The purpose of this paper is to describe 2 new experimental pilot studies of the possible effects of breakfast frequency and quality on appetite and blood sugar in adults and children. Two recent review articles have described the physiological mechanisms that may explain why meal skipping, and breakfast skipping in particular, may lead to upregulation of appetite, possibly leading to weight gain over time, and deleterious changes in risk factors for diabetes and cardiovascular disease, as well as the observational and clinical research on this topic in humans (7, 8). We observed that breakfast skipping has also been linked to poorer overall dietary quality. Conversely, those who eat breakfast on a daily basis may benefit further in terms of obesity and disease prevention through, e.g., nutrient- and fiber-rich meals such as whole grain cereals (7–13).
Observational studies
Most cross-sectional studies that have examined the association between breakfast habits and measures of obesity (i.e. BMI) in adults report an inverse association, even with adjustment for potential confounding factors (14–17). Studies also tend to find that breakfast eaters report reduced intake of dietary fat and cholesterol (15, 18, 19) and increased fiber (15) relative to those who skip breakfast. Thus, the role of the quality of the breakfast meal, aside from its frequency, may have implications for daily energy, body weight changes, and chronic disease risk through a variety of mechanisms.

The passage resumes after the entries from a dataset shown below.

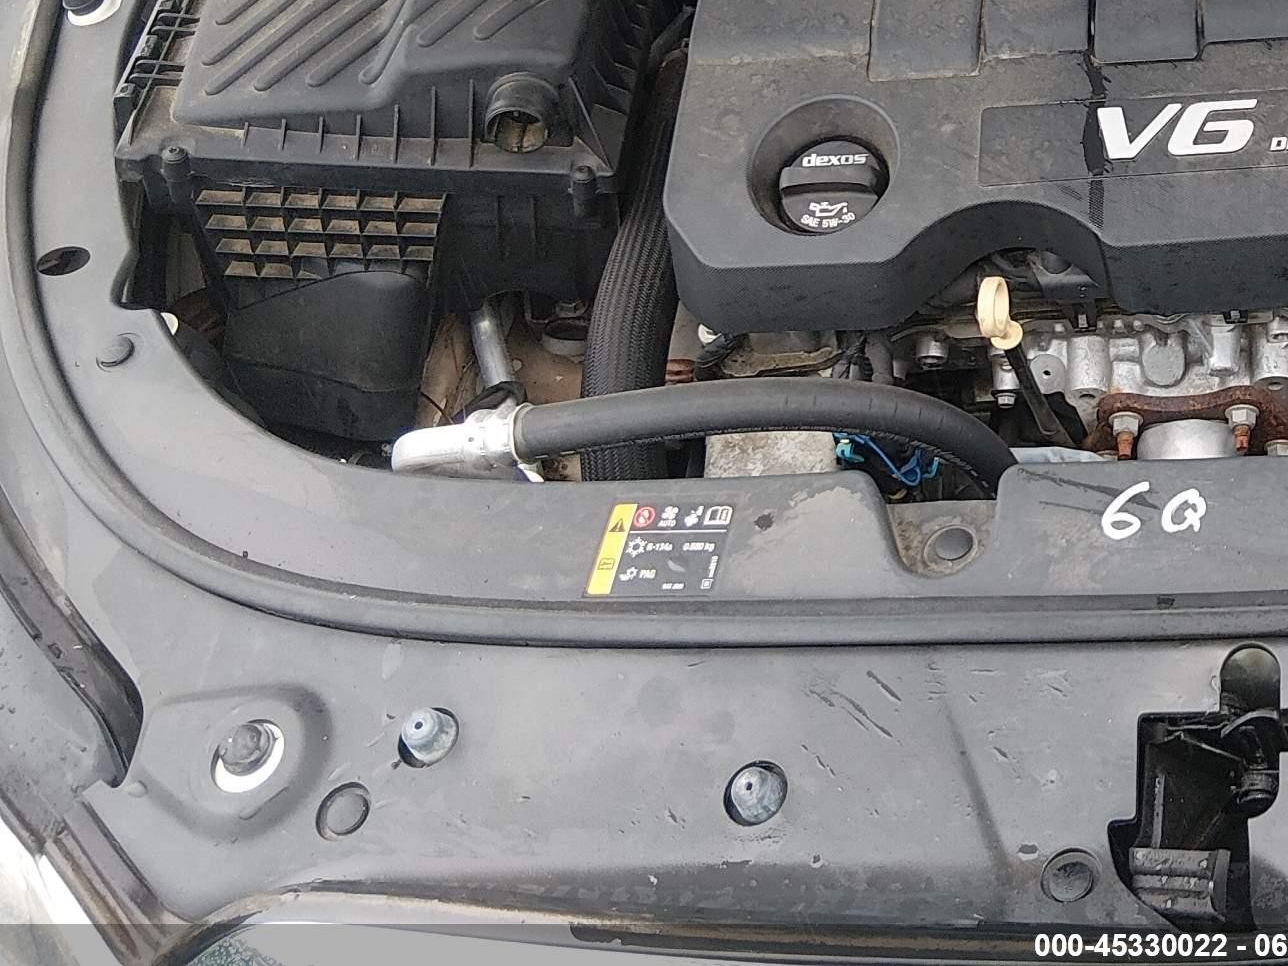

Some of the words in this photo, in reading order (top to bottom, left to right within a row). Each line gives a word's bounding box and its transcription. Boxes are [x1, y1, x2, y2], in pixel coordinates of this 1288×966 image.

[1097, 98, 1258, 159] V6
[802, 153, 869, 167] dexos
[801, 214, 820, 228] SAE
[821, 213, 856, 228] 5W-30
[657, 519, 677, 527] AUTO

Only a few prospective studies have examined the associations between breakfast habits and body weight (20–22). In 1 study, increased meal frequency (meals per week) was associated with a 45% reduced risk for obesity [odds ratio = 0.55 (95% CI = 0.33, 0.91)] in adults (22), whereas skipping breakfast appeared to be associated with a significant increase in risk of developing obesity (22). Among male health professionals, inverse associations were observed between breakfast cereal intake and BMI and between breakfast cereal intake and weight gain (21). In addition, those who consumed ≥1 serving/d (equal to a slice of bread, ~30 g) of either whole (P-trend < 0.0001) or refined (P-trend < 0.005) grain cereals had lower body weights than infrequent cereal consumers.

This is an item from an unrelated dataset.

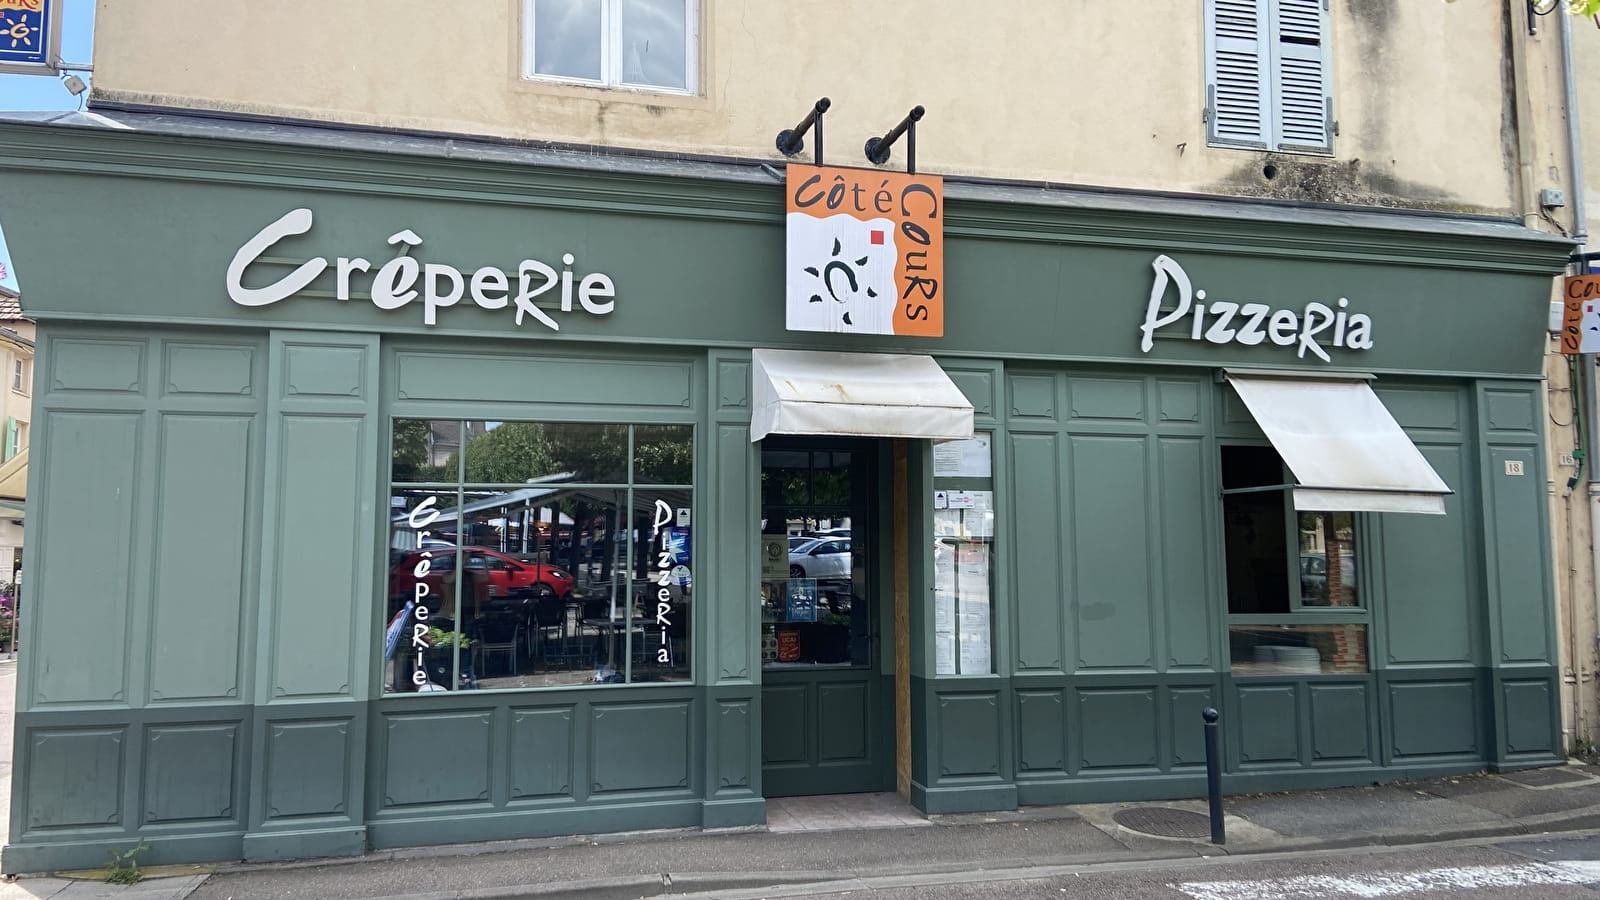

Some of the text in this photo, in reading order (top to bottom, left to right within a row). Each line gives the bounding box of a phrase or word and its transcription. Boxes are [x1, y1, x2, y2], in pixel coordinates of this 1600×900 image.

[794, 174, 893, 213] Côté
[1561, 455, 1573, 464] 16
[1508, 463, 1520, 473] 18

Recently, Timlin et al. (20) reported a prospective analysis of breakfast frequency and 5-y body weight change in the Project Eating Among Teens cohort of 2216 adolescents. Surveys were completed at baseline and 5 y later, with BMI, breakfast habits, and lifestyle and demographics measured over time. Frequency of breakfast (days per week in 3 categories: – 0, 1–6, 7 d) was inversely associated with weight gain and appeared to be a dose-response association (P < 0.01) (Fig. 1). Interestingly, adjustment for weight-related variables such as dieting and weight concerns partially attenuated this association. Future studies should further examine the role of breakfast habits among youth who are particularly concerned about their weight.
Potential mechanisms.
Breakfast frequency (days per week) and quality may contribute to appetite regulation, quality of diet, and prevention of obesity and chronic disease through a variety of mechanisms (Fig. 2) (7). Many studies have reported that ready-to-eat breakfast cereal (14, 23–25) and other fiber-rich foods (13, 14, 23, 26, 27) are associated with lower risk of obesity (11, 14, 28, 29). Intake of fiber-rich breakfast foods may improve blood sugar control and possibly prevent low blood sugar between meals (28, 30, 31). In terms of appetite, some studies report enhanced feelings of satiation (32, 33) and satiety (34, 35) following ingestion of these types of foods but not after breakfasts low in fiber and/or high in fat (36). Perhaps these effects are explained by release or activity of gut hormones, including cholecystokinin (37–39) or other incretin hormones (40–46). Additionally, resistant starches are susceptible to colonic fermentation that may lead to the production of SCFA which, upon entering the circulation, may attenuate hepatic glucose output and serum FFA (47, 48) and stimulate glucagon-like peptide-1 secretion (49, 50). These effects could modulate insulin sensitivity and secretion patterns in important ways that relate to satiety and reduced risk of type 2 diabetes and possibly of cardiovascular disease and cancer. Preliminary breakfast feeding studies suggest that eating, rather than skipping, breakfast may reduce fasting total and LDL cholesterol (51, 52), oxidized LDL (53), and serum triglycerides (54). Furthermore, slow absorption and digestion of starch at one meal (i.e. breakfast) may improve carbohydrate tolerance at the following meal (12, 28, 30, 31, 55, 56).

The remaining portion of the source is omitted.